→ **What needs to be done**:
A faithful, word-for-word copy of the records is required, and it must contain no pictures.

→ **Data under study**:
================
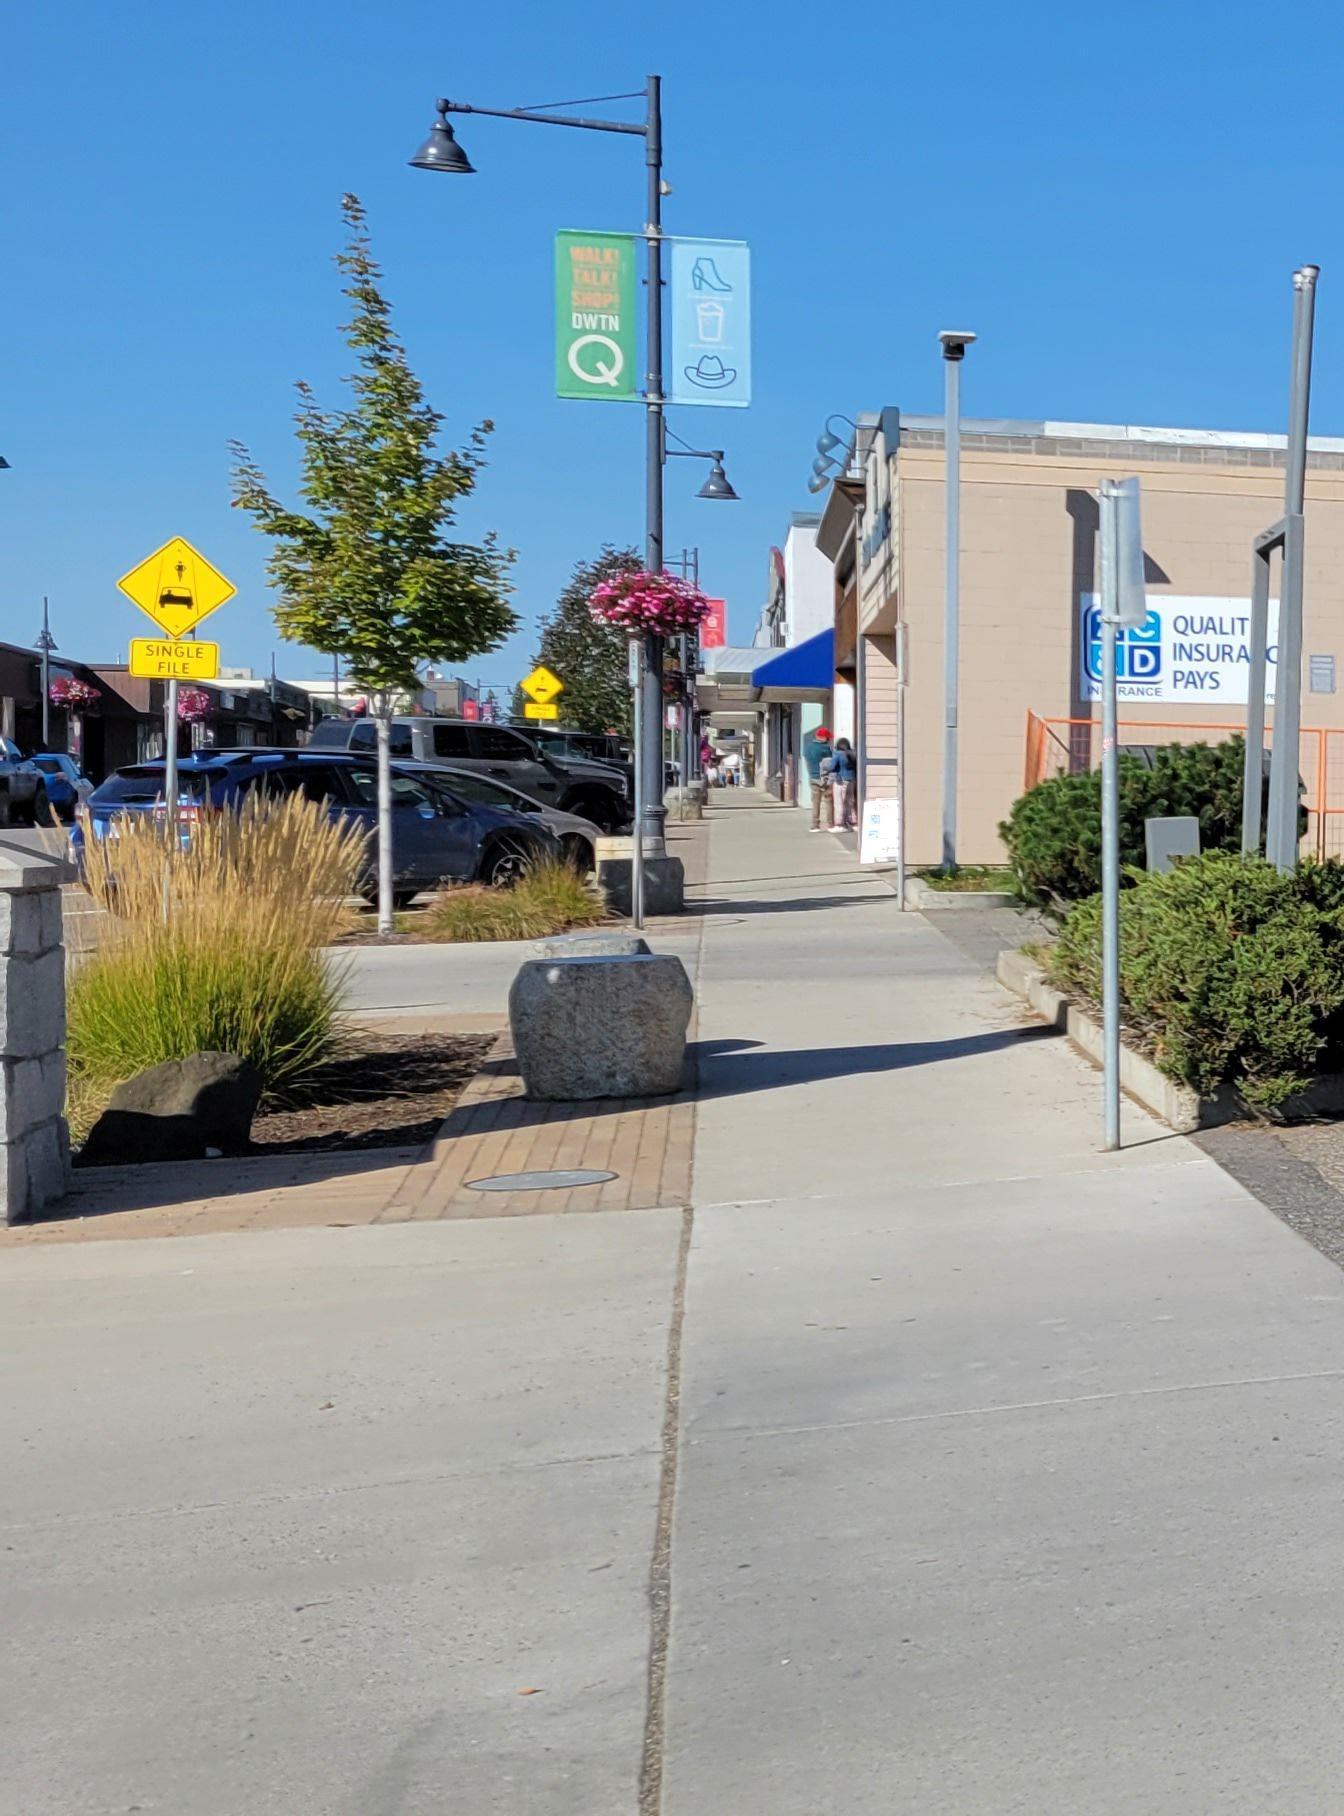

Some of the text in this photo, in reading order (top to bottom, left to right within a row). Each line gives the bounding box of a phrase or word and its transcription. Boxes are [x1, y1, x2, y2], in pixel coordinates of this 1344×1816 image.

[570, 246, 620, 265] WALK!
[573, 268, 618, 286] TALK!
[571, 290, 620, 309] SHOP!
[572, 312, 620, 332] DWTN
[567, 334, 624, 387] Q
[1172, 614, 1250, 637] QUALIT
[145, 644, 204, 659] SINGLE
[1133, 648, 1156, 674] D
[1172, 642, 1279, 664] INSURAC
[157, 661, 190, 674] FILE
[1172, 670, 1221, 690] PAYS
[1086, 685, 1163, 697] INRANCE
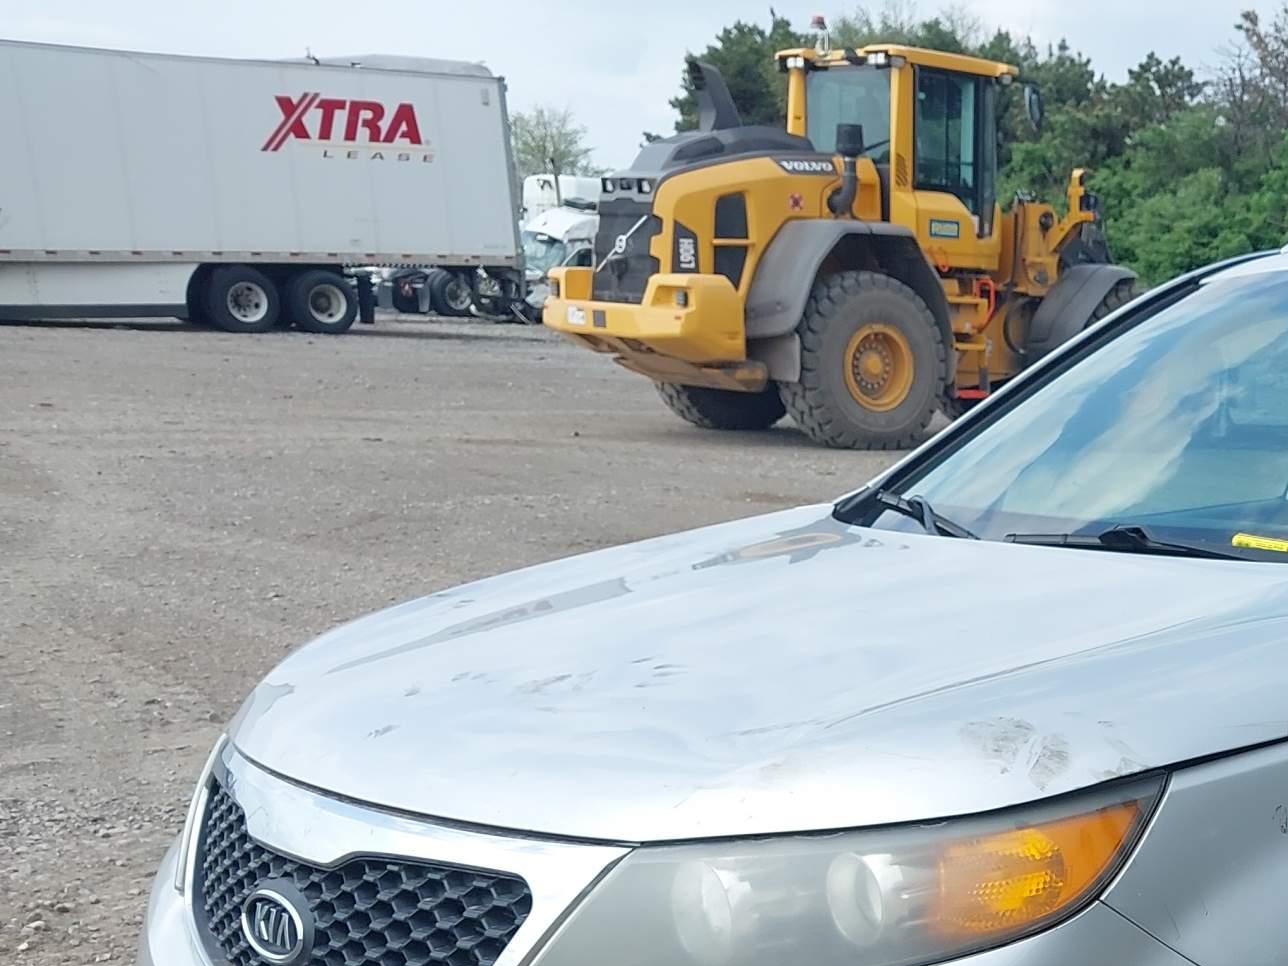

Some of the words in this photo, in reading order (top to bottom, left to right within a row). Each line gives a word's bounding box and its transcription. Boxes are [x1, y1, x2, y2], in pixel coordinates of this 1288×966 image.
================
→ **Answer for the task**:
Some of the text in this photo, in reading order (top to bottom, left to right within a row). Each line gives the bounding box of a phrase or word and its transcription. Boxes are [x1, y1, x2, y2], in pixel coordinates of this 1344×1816 image.

[570, 246, 620, 265] WALK!
[573, 268, 618, 286] TALK!
[571, 290, 620, 309] SHOP!
[572, 312, 620, 332] DWTN
[567, 334, 624, 387] Q
[1172, 614, 1250, 637] QUALIT
[145, 644, 204, 659] SINGLE
[1133, 648, 1156, 674] D
[1172, 642, 1279, 664] INSURAC
[157, 661, 190, 674] FILE
[1172, 670, 1221, 690] PAYS
[1086, 685, 1163, 697] INRANCE

Some of the words in this photo, in reading order (top to bottom, left to right within a row). Each line gives a word's bounding box and its transcription. Boxes are [x1, y1, x2, y2], in pixel coordinates of this 1288×966 image.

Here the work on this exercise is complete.